Il manifesto

Siamo un gruppo di individui con percorsi ed esperienze di vita diversi fra loro, animati da una comune spinta di liberazione. Vogliamo costruire insieme un altro modo di vivere la relazione tra specie e demolire ogni forma di sfruttamento animale.

L’obiettivo specifico  è quello di mettere in discussione l’idea stessa del cane, quella  che circola fra gli addetti ai lavori e nell’opinione pubblica, e la sua mercificazione che ha effetti per lo più nascosti ed incontrastati. 

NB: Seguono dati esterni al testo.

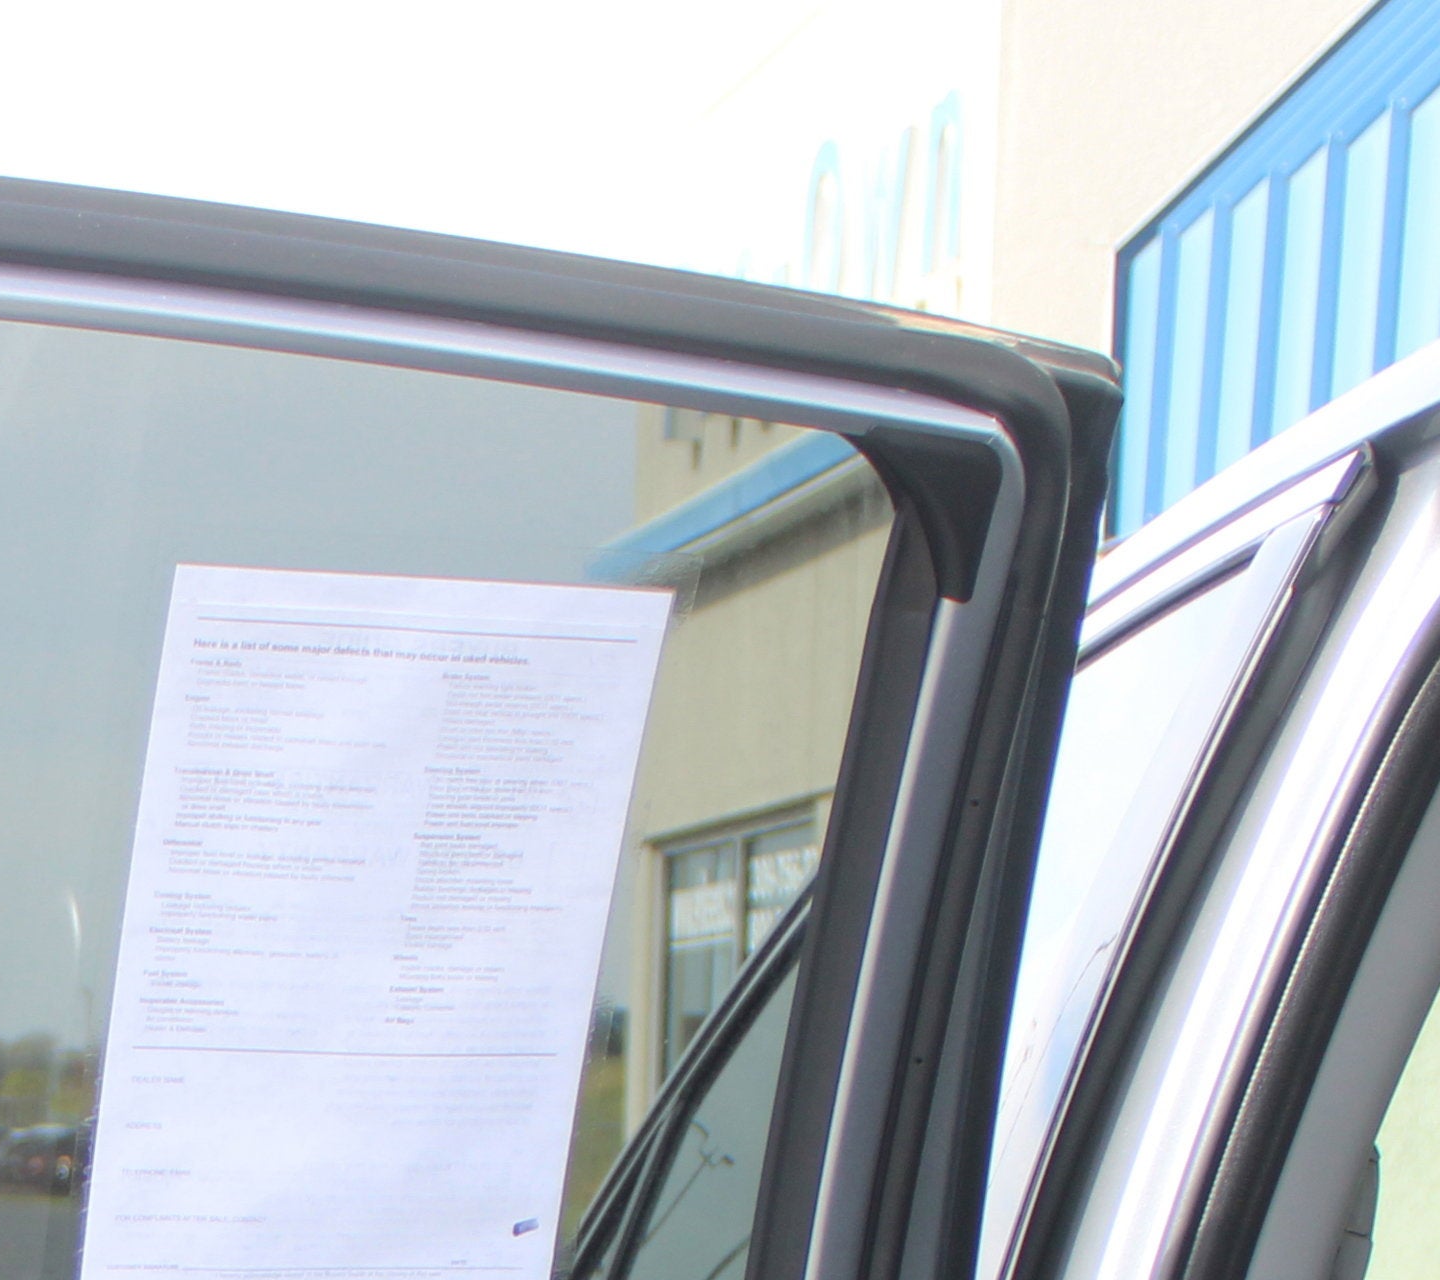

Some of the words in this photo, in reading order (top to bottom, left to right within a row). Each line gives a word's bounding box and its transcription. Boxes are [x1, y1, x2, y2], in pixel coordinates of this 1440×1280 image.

[193, 639, 217, 648] Here
[240, 642, 256, 650] list
[258, 642, 269, 651] of
[271, 644, 298, 652] some
[301, 644, 330, 655] major
[333, 646, 370, 655] defects
[372, 648, 393, 657] that
[394, 651, 416, 660] may
[419, 652, 448, 661] occur
[462, 653, 486, 663] used

NORA – NO Razzismo Animale 

è una campagna di denuncia e opposizione al “razzismo animale” e alla cinofilia delle razze, ossia a quel modello economico e culturale (media,pubblicità,letteratura, cinema,ecc.) che vede i cani e le specie cosiddette domestiche  suddivise in razze, frutto esclusivo della selezione umana  e “create” unicamente a suo  uso e consumo.

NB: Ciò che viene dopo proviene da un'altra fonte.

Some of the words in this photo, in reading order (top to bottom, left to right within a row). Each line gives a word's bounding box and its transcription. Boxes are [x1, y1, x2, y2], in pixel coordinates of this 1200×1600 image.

Denunciamo  e ci opponiamo al  dominio e all’oppressione che si riversano sugli animali, sintetizzabili con il termine di specismo, un sistema che ha contribuito alla creazione del concetto stesso di razza anche in ambito umano, dove, nei secoli, abbiamo assistito ad aberrazioni come  la segregazione razziale, le sterilizzazioni forzate,  le leggi anti-mescolanza razziale, le ricerche eugenetiche improntate alla restaurazione e conservazione della razza. Bianca, ovviamente.

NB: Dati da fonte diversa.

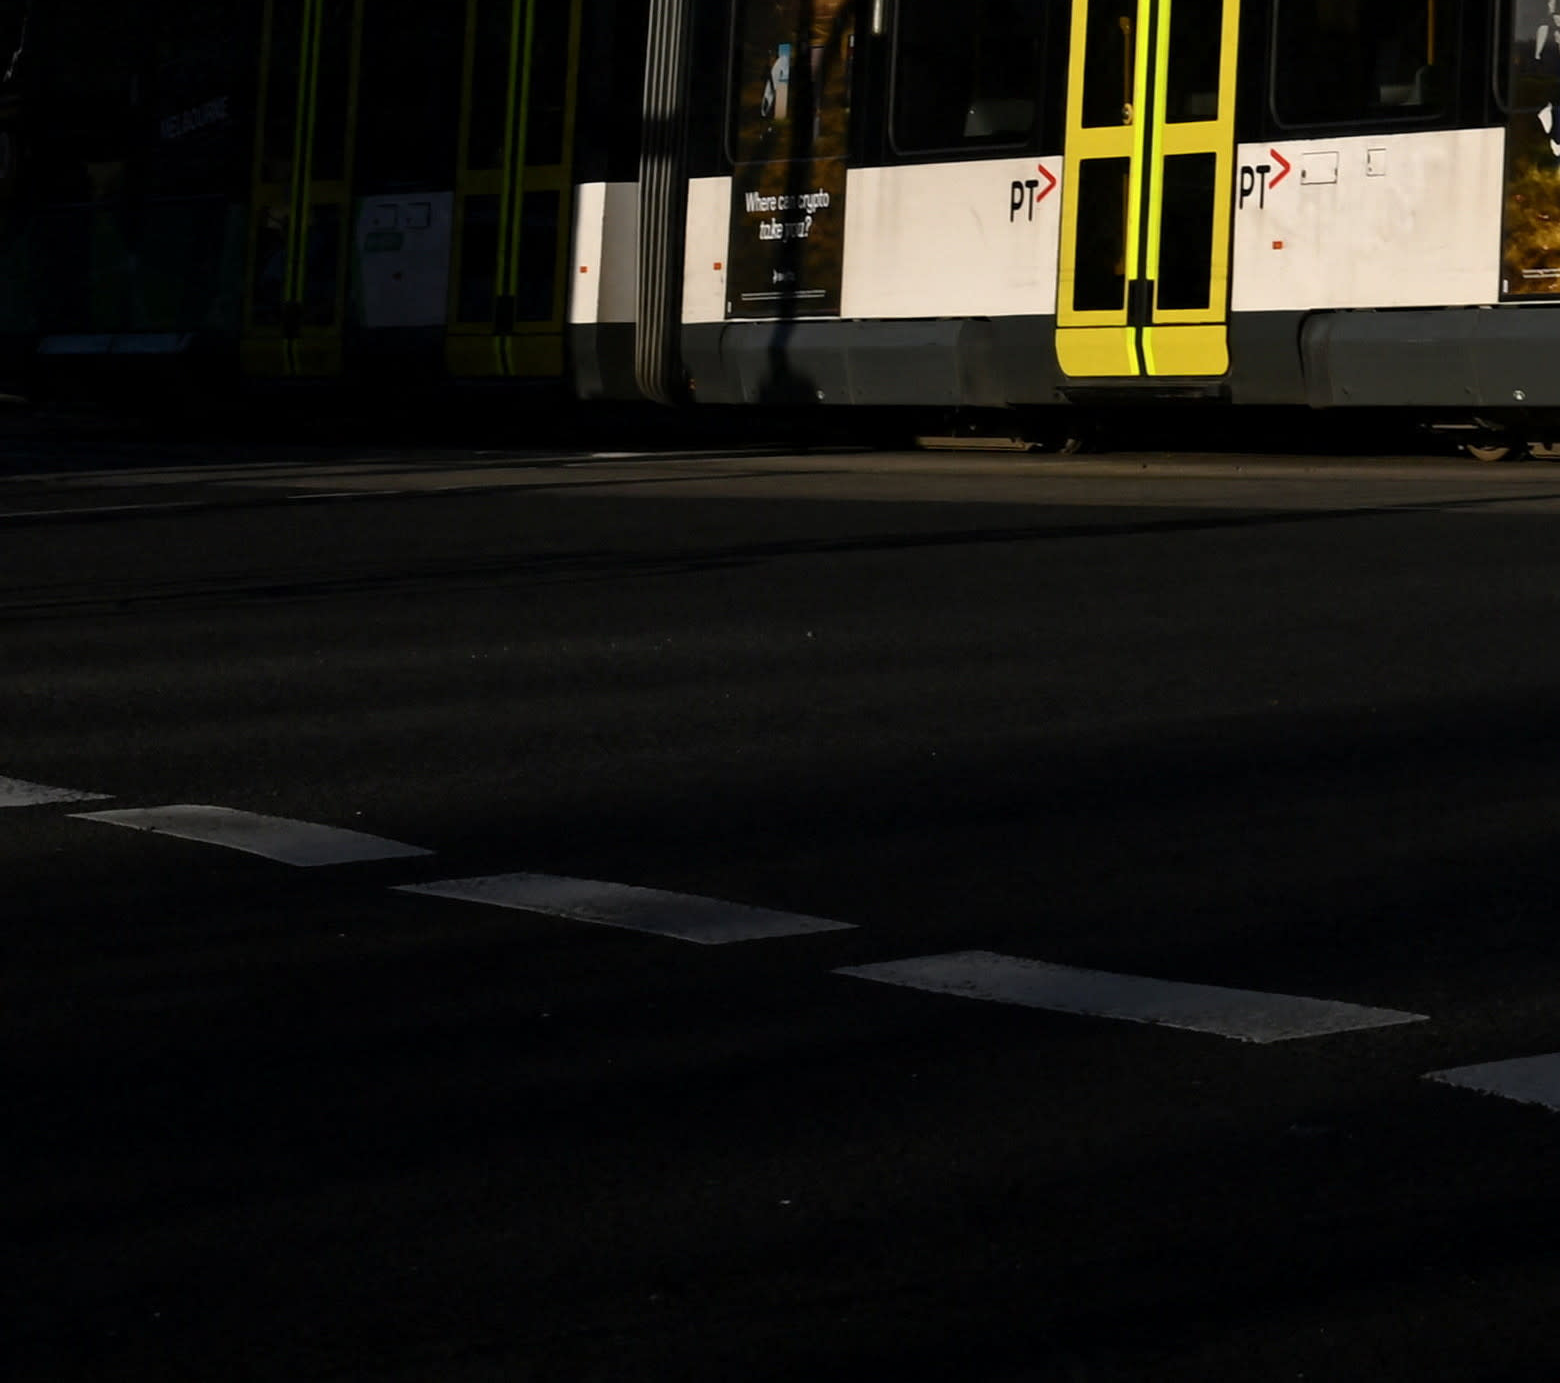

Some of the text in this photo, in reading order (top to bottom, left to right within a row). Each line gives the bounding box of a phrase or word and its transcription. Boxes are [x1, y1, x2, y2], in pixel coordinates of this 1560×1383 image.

[744, 190, 777, 213] Where
[797, 187, 831, 215] crypto
[758, 217, 784, 241] take
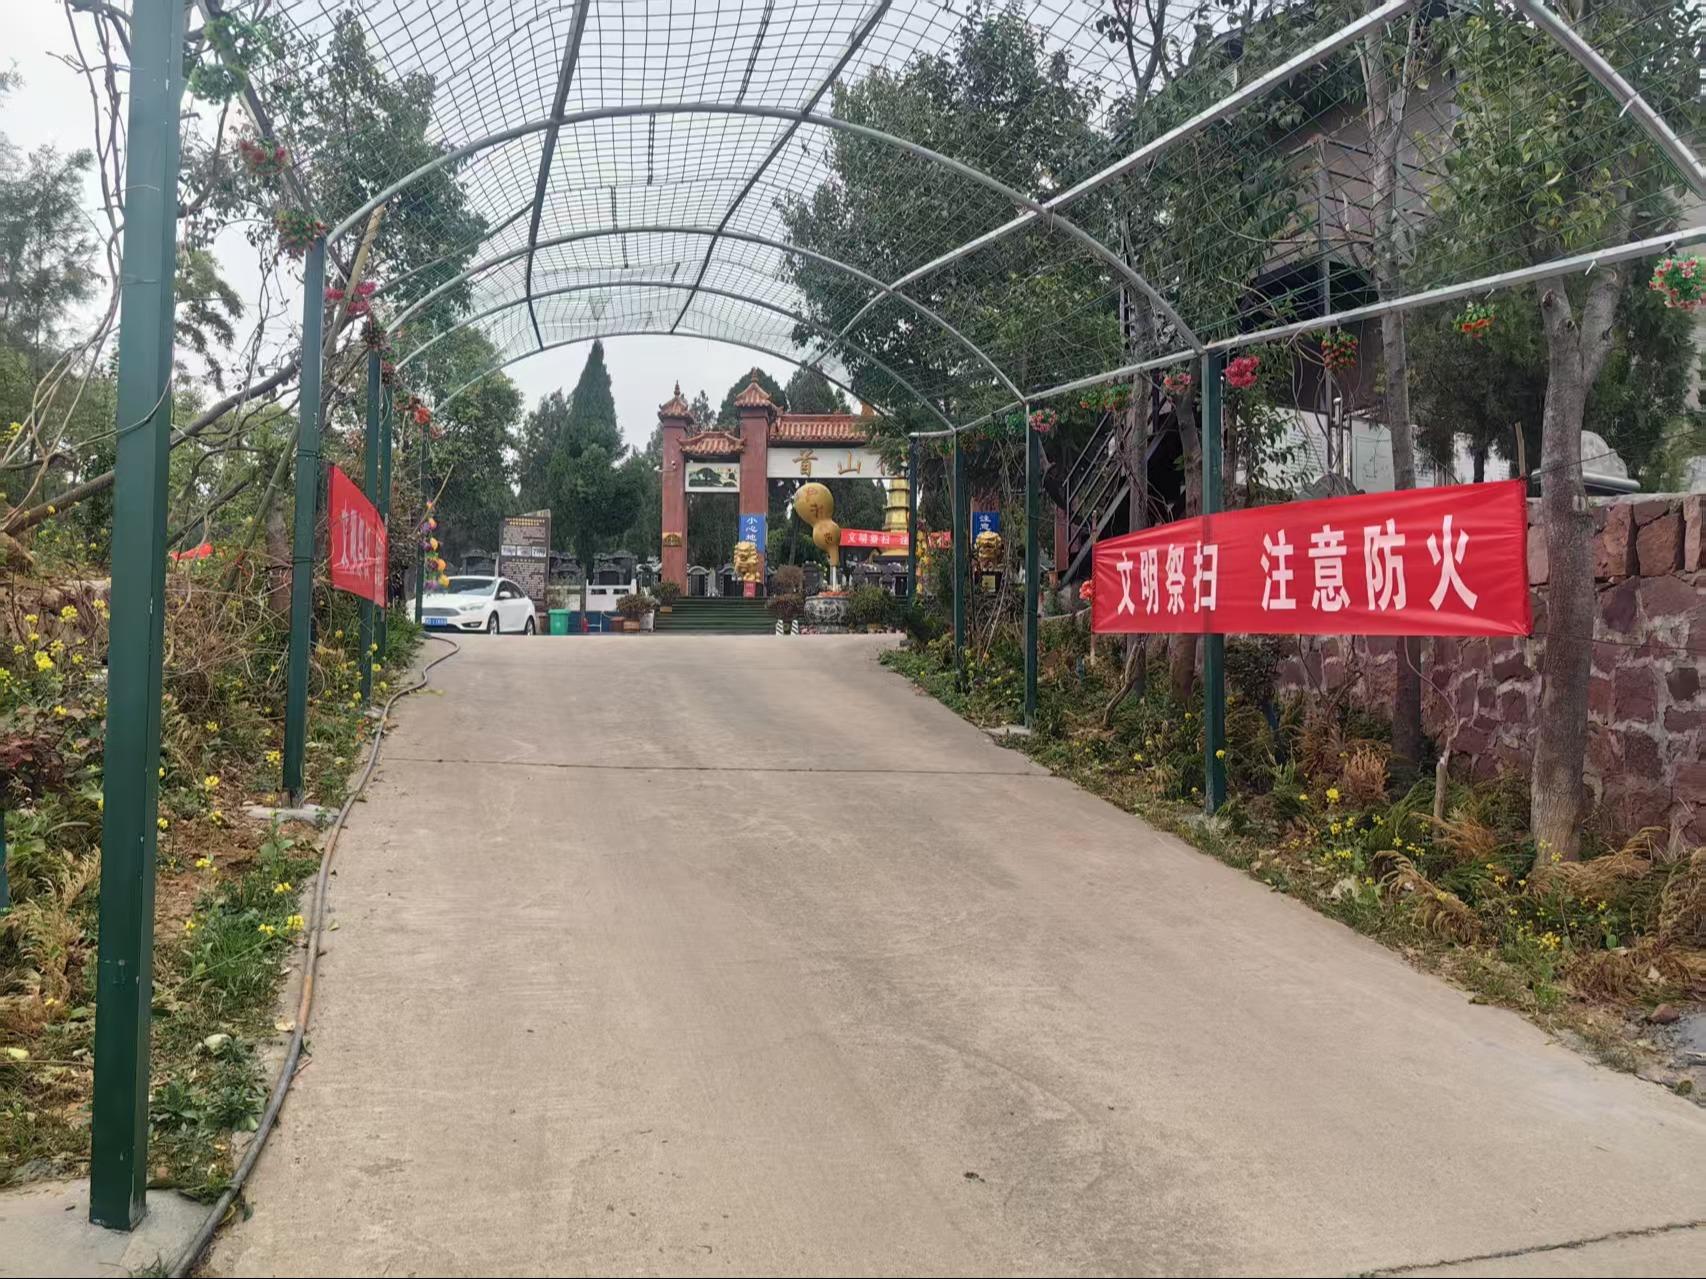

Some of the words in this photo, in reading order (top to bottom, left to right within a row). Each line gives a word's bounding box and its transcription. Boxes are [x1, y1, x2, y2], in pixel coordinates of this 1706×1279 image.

[792, 449, 890, 477] 首山
[745, 516, 759, 546] 小心地
[1116, 540, 1219, 616] 文明祭扫
[1260, 514, 1479, 612] 注意防火

Denunciamo gli allevamenti di animali che mettono in atto quello che possiamo considerare un razzismo nel razzismo, perché organizzano e realizzano lo sfruttamento degli animali non umani, separandoli in un arcipelago di isole genetiche tra loro distinte, funzionali esclusivamente ai bisogni della nostra specie e in base a questi suddivise anche per importanza e considerazione etica, oltreché per caratteri fisici e comportamentali. 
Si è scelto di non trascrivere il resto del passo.